Task item -
From the records below, take each line where the string "FREE" shows up and copy it.

——

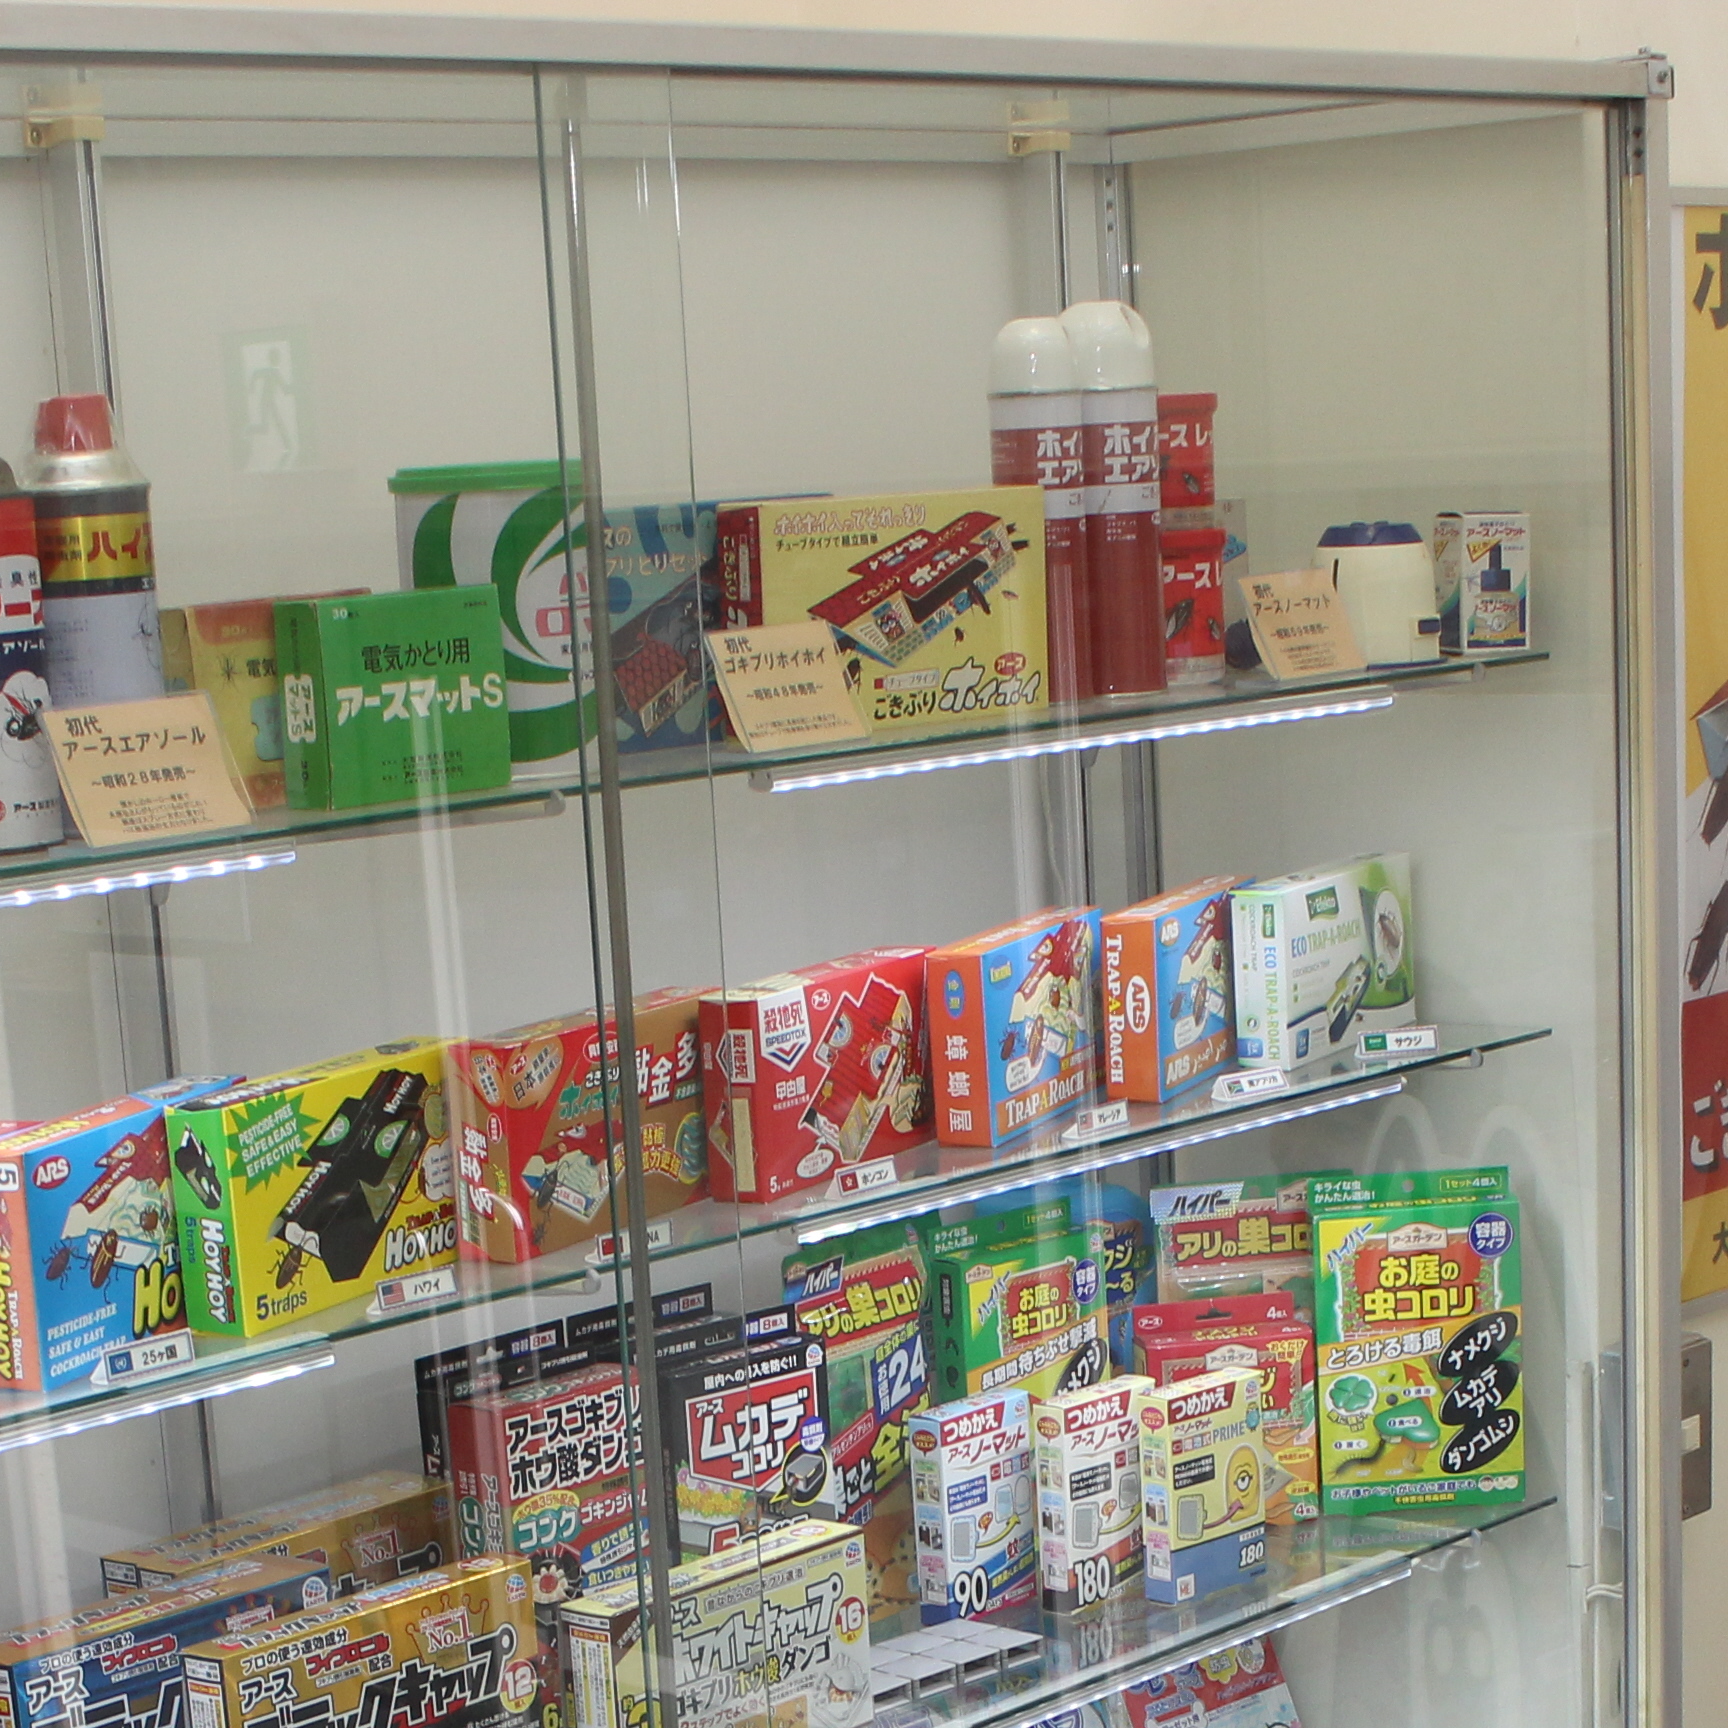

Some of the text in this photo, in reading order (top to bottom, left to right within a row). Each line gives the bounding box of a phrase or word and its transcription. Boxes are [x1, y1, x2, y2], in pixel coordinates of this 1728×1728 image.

[1252, 592, 1330, 616] アースノーマット
[361, 637, 471, 674] 電気かとり用
[722, 647, 826, 677] ゴキブリホイホイ
[723, 637, 752, 656] 初代
[335, 672, 504, 726] アースマットS
[873, 684, 938, 722] ごきぶり
[939, 657, 1040, 710] ホイホイ
[61, 725, 207, 761] アースエアゾール
[64, 715, 103, 738] 初代
[1291, 934, 1308, 959] ECO
[1394, 1034, 1423, 1048] サウジ
[237, 1103, 294, 1146] PESTICIDE-FREE
[35, 1158, 71, 1187] ARS
[245, 1134, 304, 1179] EFFECTIVE
[861, 1169, 890, 1187] ホンコン
[1313, 1181, 1362, 1193] キライな虫
[1444, 1176, 1500, 1190] 1セット4個入
[1171, 1188, 1234, 1217] ハイパー
[1476, 1222, 1506, 1239] 容器
[412, 1277, 442, 1296] ハワイ
[803, 1266, 840, 1297] ハイパー
[1378, 1254, 1459, 1287] お庭の
[255, 1288, 309, 1321] 5 traps
[1019, 1285, 1061, 1311] お庭の
[1362, 1287, 1475, 1323] 虫コロリ
[46, 1302, 118, 1342] PESTICIDE-FREE
[1012, 1303, 1069, 1340] 虫コロリ
[1327, 1326, 1443, 1371] とろける毒餌
[1447, 1317, 1508, 1372] ナメクジ
[887, 1334, 927, 1397] 24
[1066, 1395, 1124, 1430] つめかえ
[1172, 1387, 1230, 1421] つめかえ
[700, 1387, 812, 1462] ムカデ
[942, 1406, 1000, 1444] つめかえ
[1211, 1421, 1246, 1445] PRIME
[730, 1439, 785, 1479] コロリ
[1445, 1414, 1516, 1471] ダンゴムシ
[518, 1512, 577, 1550] コンク
[1239, 1541, 1265, 1569] 180
[953, 1567, 989, 1618] 90
[1073, 1557, 1111, 1607] 180
[425, 1615, 475, 1652] No.1
[838, 1606, 862, 1634] 16
[241, 1628, 349, 1674] プロの使う速効成分
[238, 1668, 298, 1715] アース
[504, 1668, 534, 1696] 12

——

Response area -
[237, 1103, 294, 1146] PESTICIDE-FREE
[46, 1302, 118, 1342] PESTICIDE-FREE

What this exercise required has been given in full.